Islamic studies scholar

Cyrus Ali Zargar is an Islamic studies scholar and the Endowed Al-Ghazali Distinguished Professor in Islamic Studies at the University of Central Florida in Orlando, Florida. His research mainly focuses on Islamic philosophy, Arabic and Persian literature of medieval Sufism, Classical Sufism and Ethics in literature and film.

==Biography==
Zargar completed his BA in English Literature in 2000 from the University of California, Los Angeles. He received his MA and PhD in Near Eastern Studies in 2003 and 2008 respectively from the University of California, Berkeley. He has taught at many different institutions including Augustana College, in Rock Island, Illinois, San Francisco State University and University of California, Berkeley.
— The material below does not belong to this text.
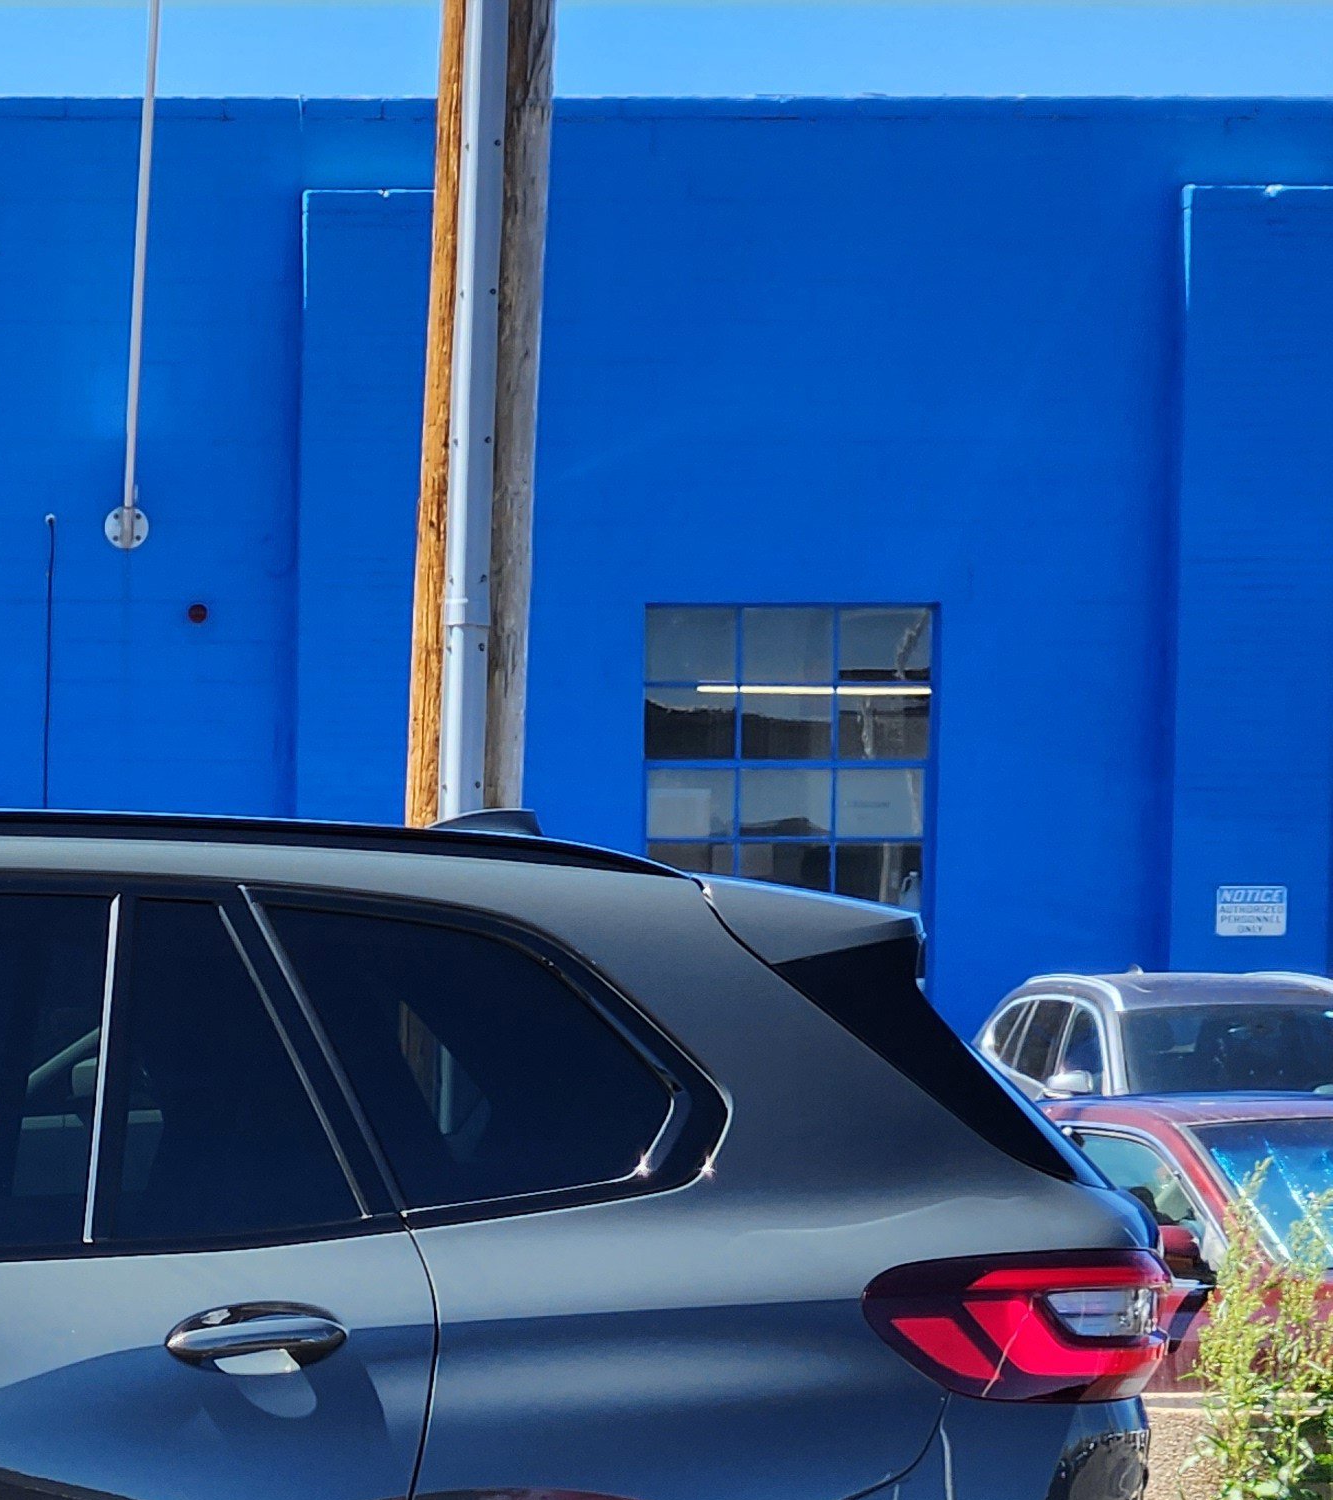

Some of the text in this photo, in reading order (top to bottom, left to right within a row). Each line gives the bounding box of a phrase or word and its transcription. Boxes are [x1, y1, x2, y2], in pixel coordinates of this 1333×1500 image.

[1220, 889, 1283, 902] NOTICE
[1220, 915, 1282, 923] PERSONNEL
[1237, 924, 1263, 933] ONLY
Zargar is a member of American Academy of Religion.

==Works==
- Sufi Aesthetics: Beauty, Love, and the Human Form in the Writings of Ibn 'Arabi and 'Iraqi. Columbia, South Carolina: University of South Carolina Press, 2011.
- The Polished Mirror: Storytelling and the Pursuit of Virtue in Islamic Philosophy and Sufism. London: Oneworld, December 2017.
- Religion of Love: Sufism and Self-Transformation in the Poetic Imagination of ʿAṭṭār. Albany, New York: State University of New York Press, 2024.
- The Ethics of Karbala: Myths, Modernity, and Virtues of Nobility. London: Routledge, 2024.